Com um português fluente – ele também fala espanhol, francês e lituano -, Thomas diz que a descoberta do petróleo na camada de pré-sal é um indicador de que Deus realmente é brasileiro e afirma que os EUA encaram o fato de o Brasil ter a intenção de se tornar um exportador de petróleo e derivados com bons olhos. “É bom para a economia mundial que tenhamos um país estável e democrático, como o Brasil, como um importante produtor de petróleo”, diz ele, que garante que a reativação da IV Frota da Marinha dos Estados Unidos no Atlântico Sul tem apenas fins pacíficos. Kelly comentou também os vazamentos do site WikiLeaks.
Brasileiros – Qual será o maior desafio para Dilma Rousseff, em sua opinião?
Thomas Kelly – Acho que o maior desafio para qualquer líder de um país grande, complexo e importante, como o Brasil, é criar prioridades. Assim como aconteceu com o governo americano. Quando o presidente Obama foi eleito, teve de criar prioridades, como a reforma da saúde e focar assuntos como meio ambiente e desemprego.
Brasileiros – Como o senhor avalia o governo Lula?
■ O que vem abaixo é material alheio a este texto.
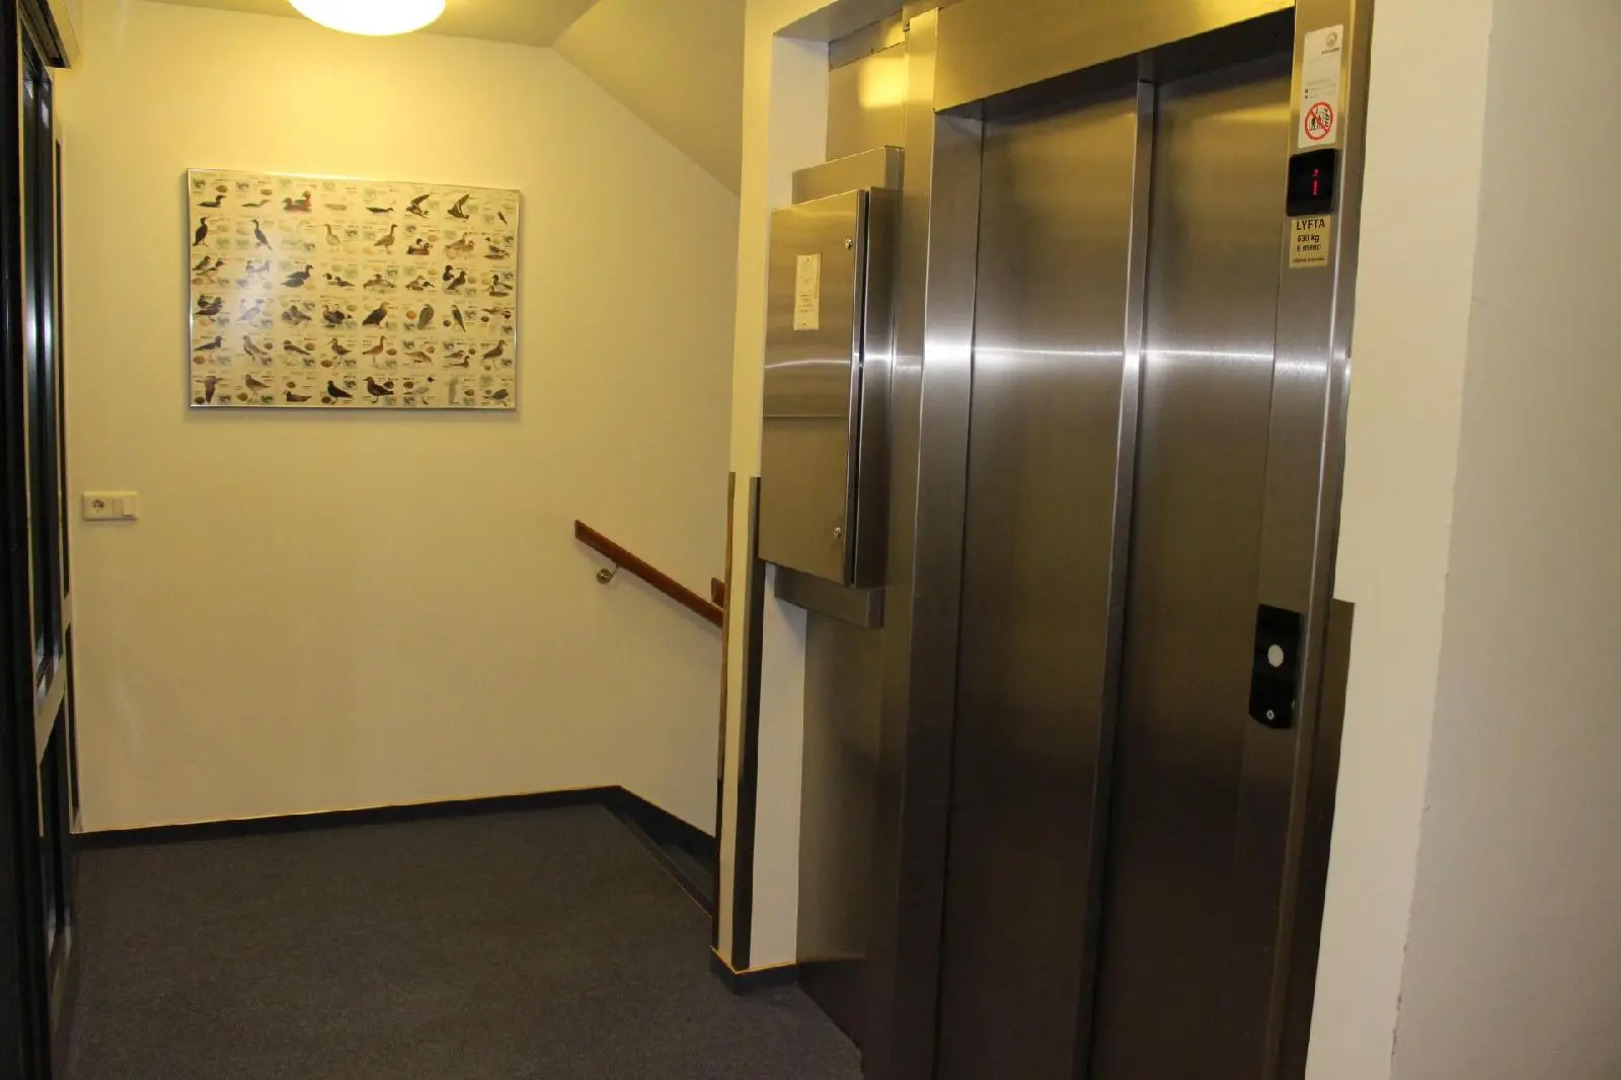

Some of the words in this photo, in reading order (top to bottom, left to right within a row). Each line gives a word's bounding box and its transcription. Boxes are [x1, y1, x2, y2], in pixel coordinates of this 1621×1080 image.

T.K. – Acho que foi um governo histórico para o Brasil, com êxitos importantíssimos, começando pelo crescimento tão impressionante na economia, melhorando a vida de milhões de brasileiros. Outros governos, obviamente, também tiveram sucesso nesse processo, mas creio que agora ficou evidente. O Brasil não está decolando, já decolou. É um País com interesses globais. E tudo isso tem muito a ver com a liderança do Lula. Temos muita confiança de que vamos ter uma relação excelente com o governo da presidente Dilma. Com ela, também temos uma agenda muito importante. Hoje, nossa relação com o Brasil é parecida com a que temos com países tradicionalmente poderosos, como o Reino Unido e o Japão, com os quais tratamos não somente de assuntos bilaterais, mas também de temas globais. Estamos trabalhando com o Brasil, por exemplo, no desenvolvimento dos países africanos, onde o País tem uma presença significativa. Somos parceiros no desenvolvimento do Haiti, onde há o maior número de soldados brasileiros que qualquer outro país. Somos parceiros também no desenvolvimento do mercado global do etanol. Os Estados Unidos e o Brasil são os maiores produtores do mundo. Então, temos uma agenda conjunta bastante intensa.
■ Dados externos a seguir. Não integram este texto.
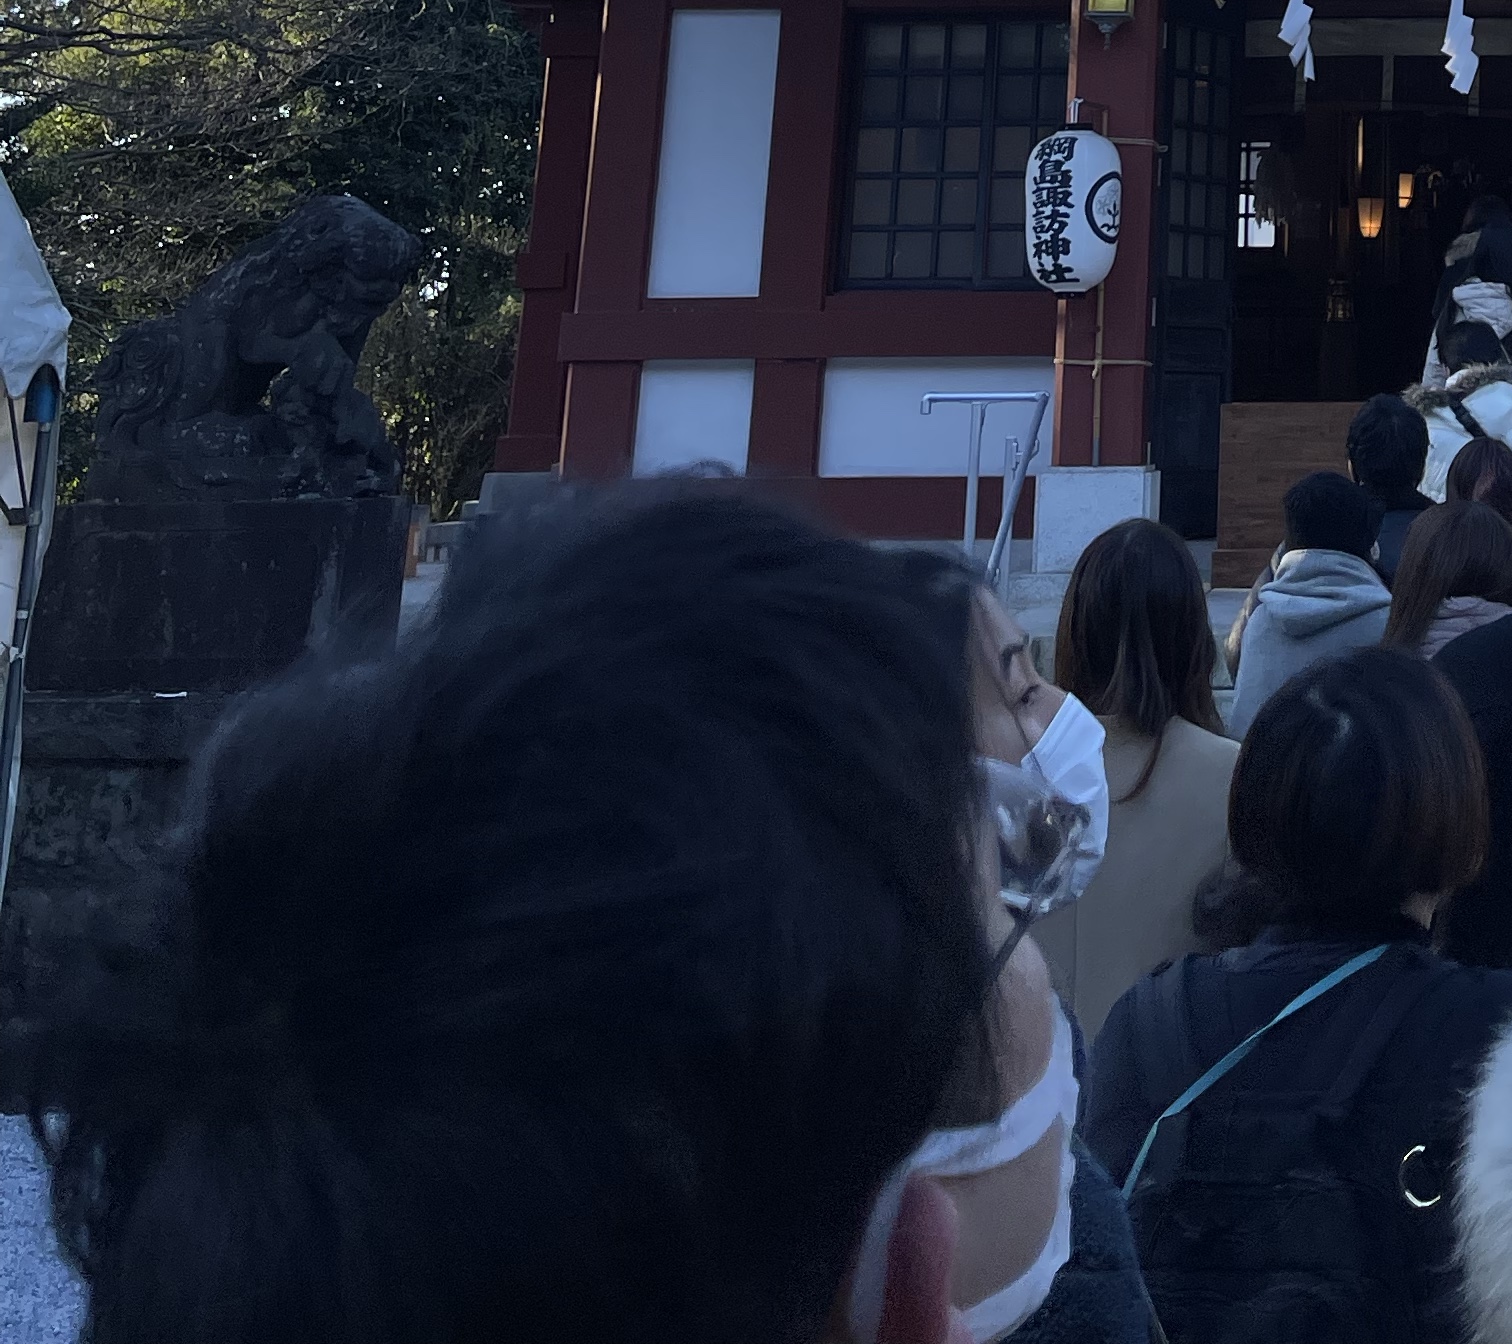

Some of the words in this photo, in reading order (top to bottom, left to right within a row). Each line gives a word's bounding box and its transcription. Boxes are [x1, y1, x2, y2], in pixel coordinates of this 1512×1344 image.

[1032, 136, 1080, 284] 綱島諏訪神社
Brasileiros – Segundo previsão do FMI, o Brasil será a sétima economia do mundo em 2011. O que isso significa?
T.K. – Significa mais oportunidades e responsabilidades para o Brasil. Reconhecemos que, com o crescimento brasileiro, é importante repensar as estruturas das organizações internacionais para reconhecer a realidade deste século. O governo americano não está somente falando, está fazendo coisas para ajudar nisso. Por exemplo, recentemente na reunião dos ministros da Fazenda do G20, os Estados Unidos julgaram muito importante aumentar o poder do Brasil dentro da Junta Diretiva do Fundo Monetário Internacional (FMI) e agora, pela primeira vez na história, o Brasil é um dos países mais importantes na Junta Diretiva. Isso é um exemplo que vai ser replicado no futuro, nas várias instituições internacionais.
Brasileiros – Os Estados Unidos apoiaram a candidatura da Índia a um assento permanente no Conselho de Segurança da ONU caso haja uma reforma. E em relação ao Brasil?
T.K. – O presidente Obama, obviamente, tem a palavra para anunciar nosso apoio aos países aspirantes a ter uma cadeira permanente no Conselho de Segurança das Nações Unidas. Mas é importante enfatizar que queremos que o Conselho reflita a realidade do século XXI, e não do século passado. Então, entendemos as aspirações do Brasil. Mas como é um processo multilateral, é paulatino e complicado.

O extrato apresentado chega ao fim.